* WORK TASK
Please repeat the entries word for word and keep the images out.

[RECORDS SUPPLIED]

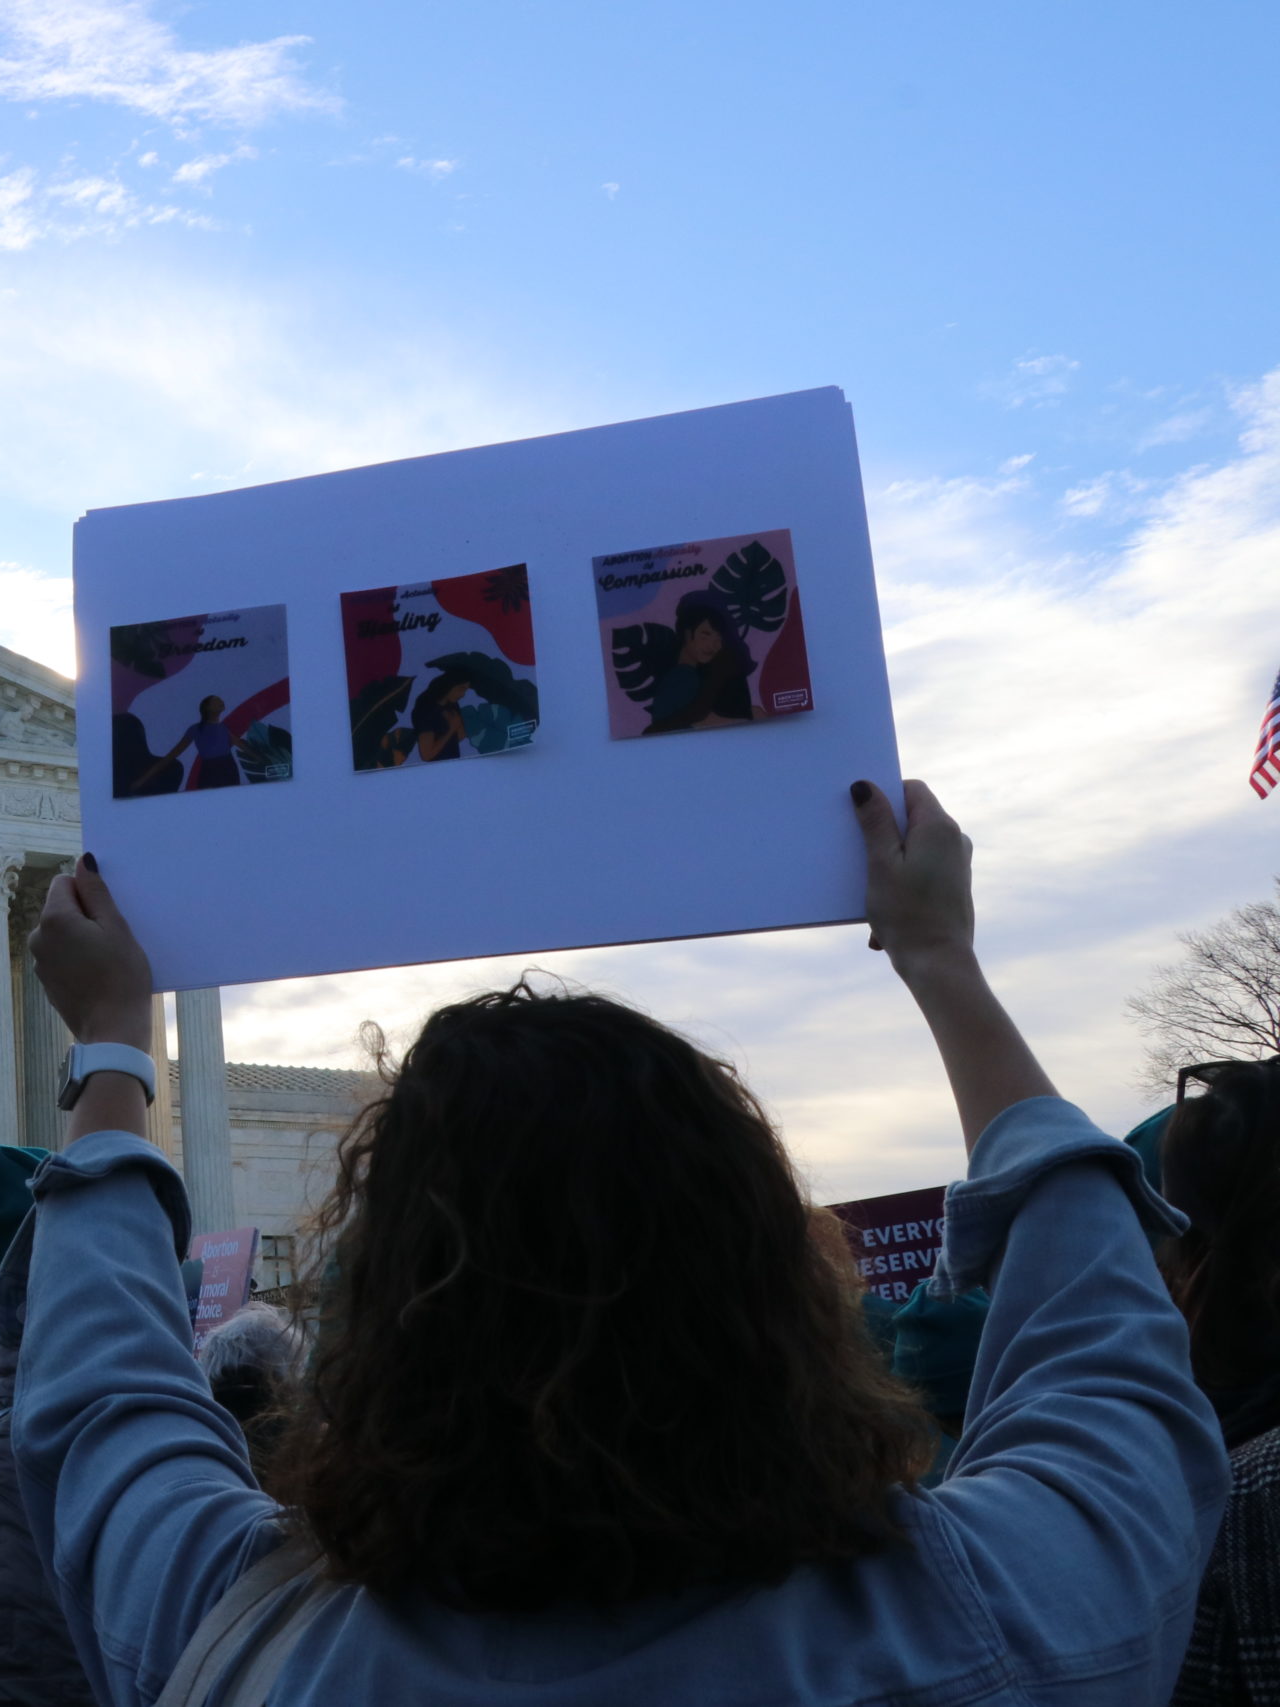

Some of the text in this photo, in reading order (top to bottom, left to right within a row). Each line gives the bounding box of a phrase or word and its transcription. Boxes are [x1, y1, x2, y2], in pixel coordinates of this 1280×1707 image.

[598, 560, 708, 592] Compassion
[862, 1217, 945, 1248] EVERYO
[202, 1239, 239, 1260] Abortion
[857, 1247, 942, 1276] ESERV
[203, 1277, 230, 1298] moral
[870, 1281, 910, 1301] ER
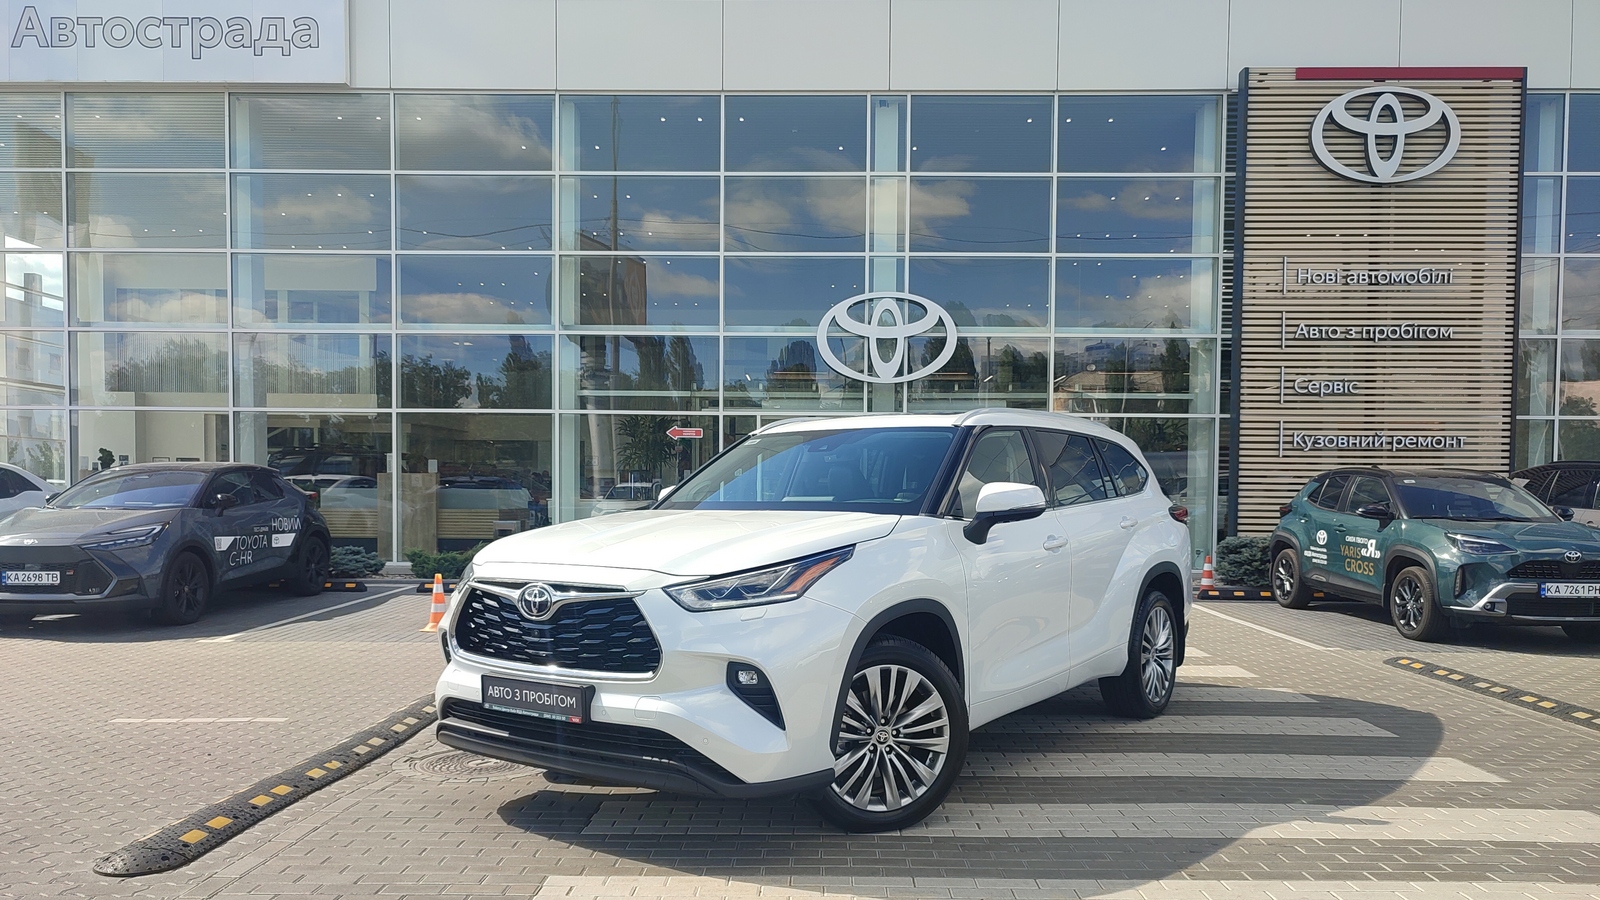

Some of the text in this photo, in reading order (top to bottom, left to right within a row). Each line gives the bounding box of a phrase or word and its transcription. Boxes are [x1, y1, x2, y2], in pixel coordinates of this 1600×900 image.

[10, 5, 320, 60] Автострада
[1296, 267, 1454, 285] Нові автомобілі
[1294, 322, 1454, 343] Авто з пробігом
[1293, 377, 1360, 397] Сервіс
[1292, 431, 1467, 452] Кузовний ремонт
[271, 515, 302, 531] НОВИЙ
[235, 534, 268, 550] TOYOTA
[229, 550, 253, 566] C-HR
[1340, 544, 1361, 559] YARIS
[1344, 558, 1374, 576] CROSS
[6, 573, 58, 582] KA 2698 TB
[1546, 585, 1561, 594] KA
[1564, 585, 1585, 594] 7261
[487, 685, 577, 709] АВТО З ПРОБІГОМ
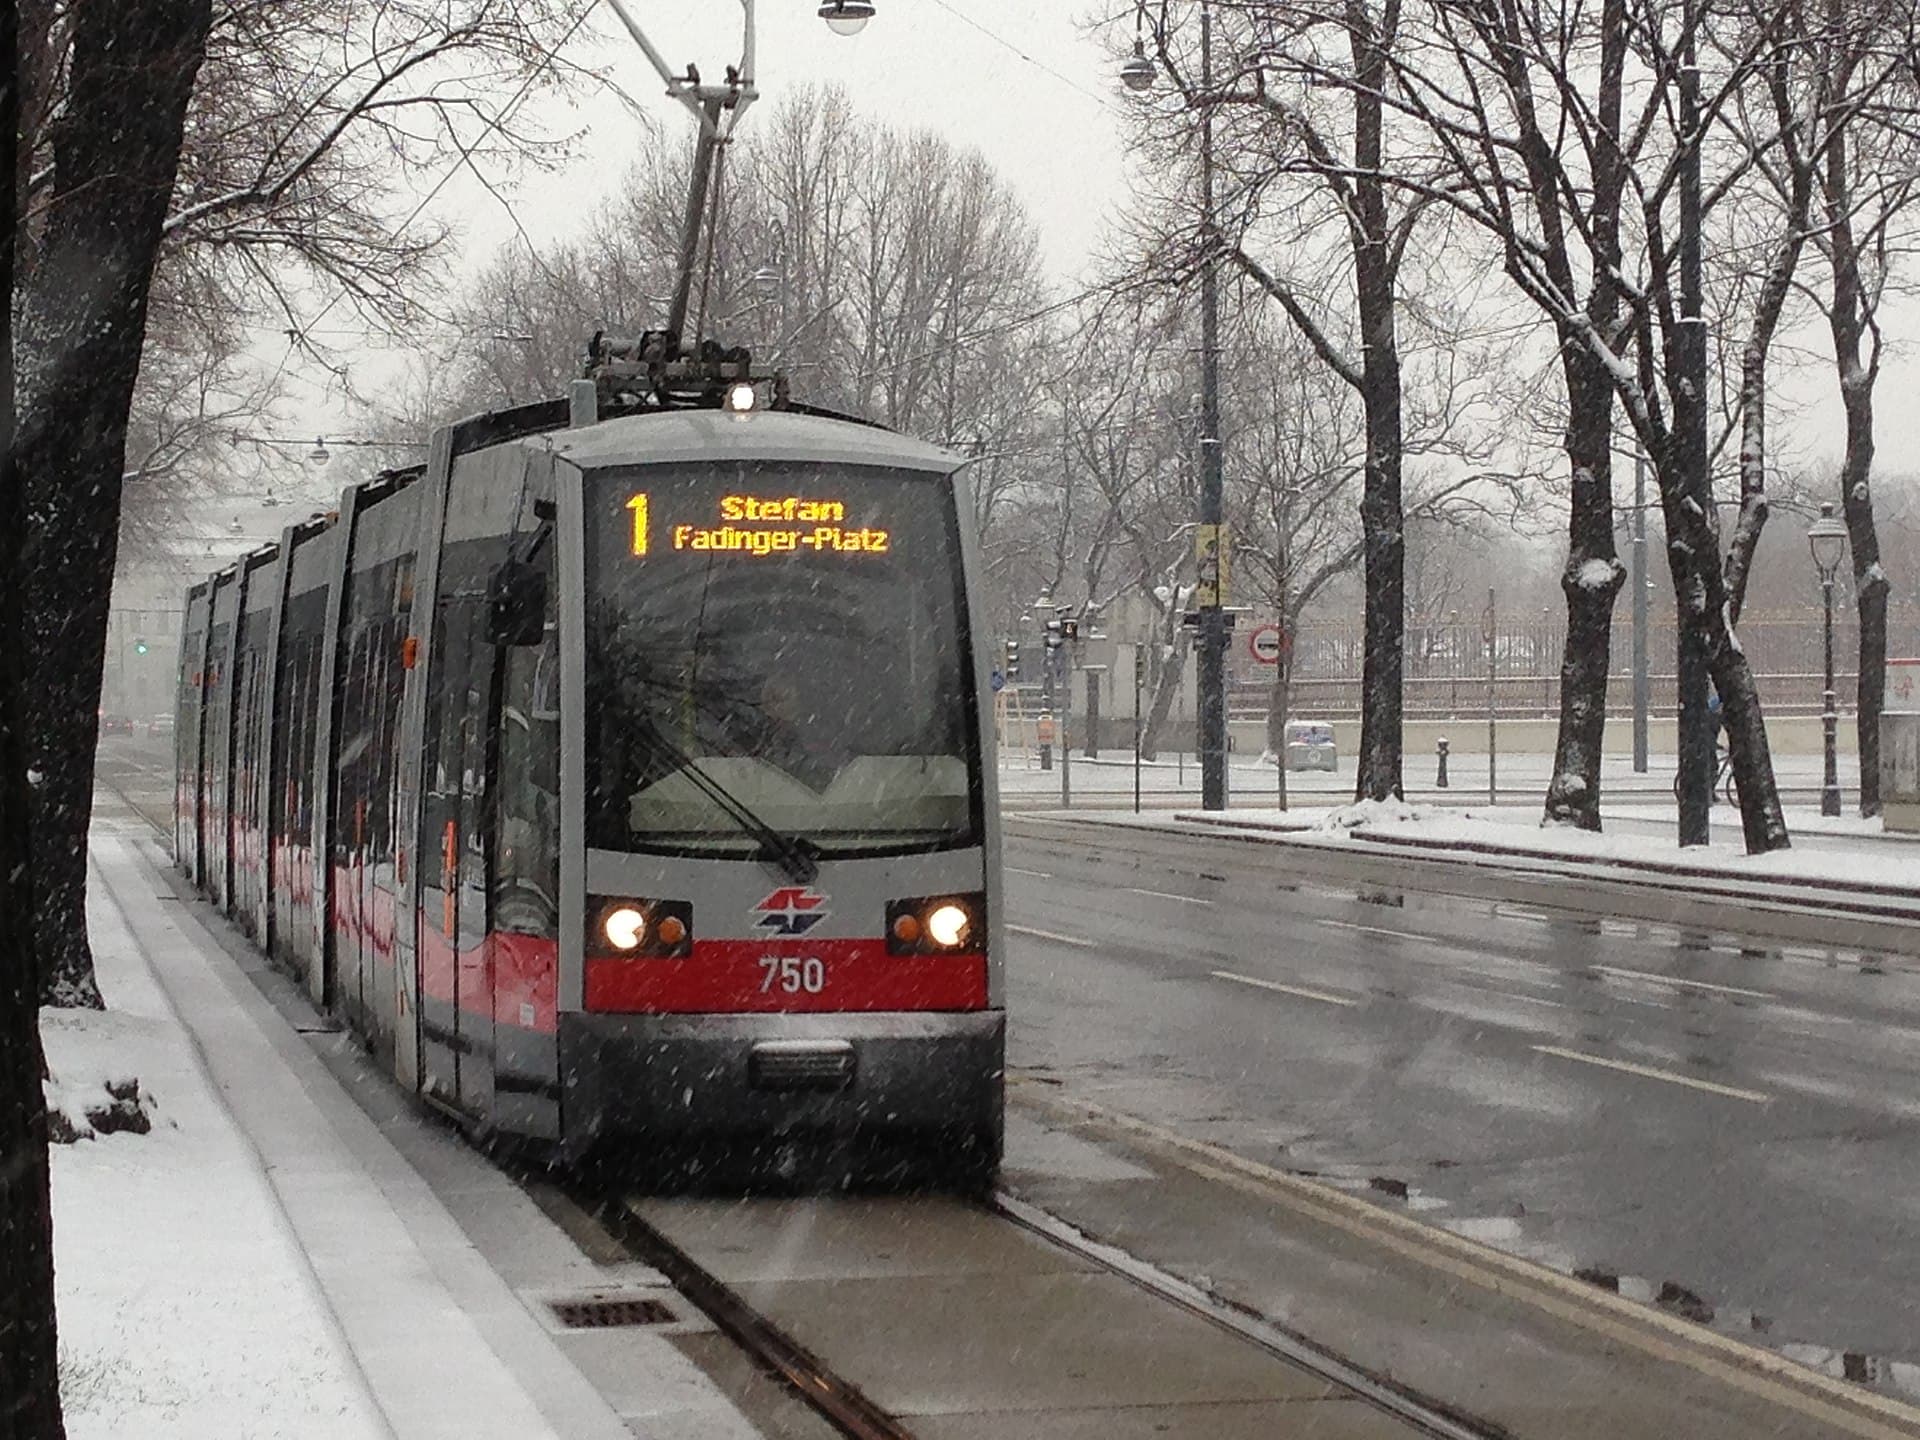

[/RECORDS SUPPLIED]

* ANSWER BOX
Some of the text in this photo, in reading order (top to bottom, left to right within a row). Each line gives the bounding box of a phrase or word and its transcription. Boxes are [x1, y1, x2, y2], in pixel coordinates of this 1280×1707 image.

[598, 560, 708, 592] Compassion
[862, 1217, 945, 1248] EVERYO
[202, 1239, 239, 1260] Abortion
[857, 1247, 942, 1276] ESERV
[203, 1277, 230, 1298] moral
[870, 1281, 910, 1301] ER

Some of the text in this photo, in reading order (top to bottom, left to right within a row). Each line gives the bounding box of a phrase or word and its transcription. Boxes are [x1, y1, x2, y2], in pixel coordinates of this 1600×900 image.

[10, 5, 320, 60] Автострада
[1296, 267, 1454, 285] Нові автомобілі
[1294, 322, 1454, 343] Авто з пробігом
[1293, 377, 1360, 397] Сервіс
[1292, 431, 1467, 452] Кузовний ремонт
[271, 515, 302, 531] НОВИЙ
[235, 534, 268, 550] TOYOTA
[229, 550, 253, 566] C-HR
[1340, 544, 1361, 559] YARIS
[1344, 558, 1374, 576] CROSS
[6, 573, 58, 582] KA 2698 TB
[1546, 585, 1561, 594] KA
[1564, 585, 1585, 594] 7261
[487, 685, 577, 709] АВТО З ПРОБІГОМ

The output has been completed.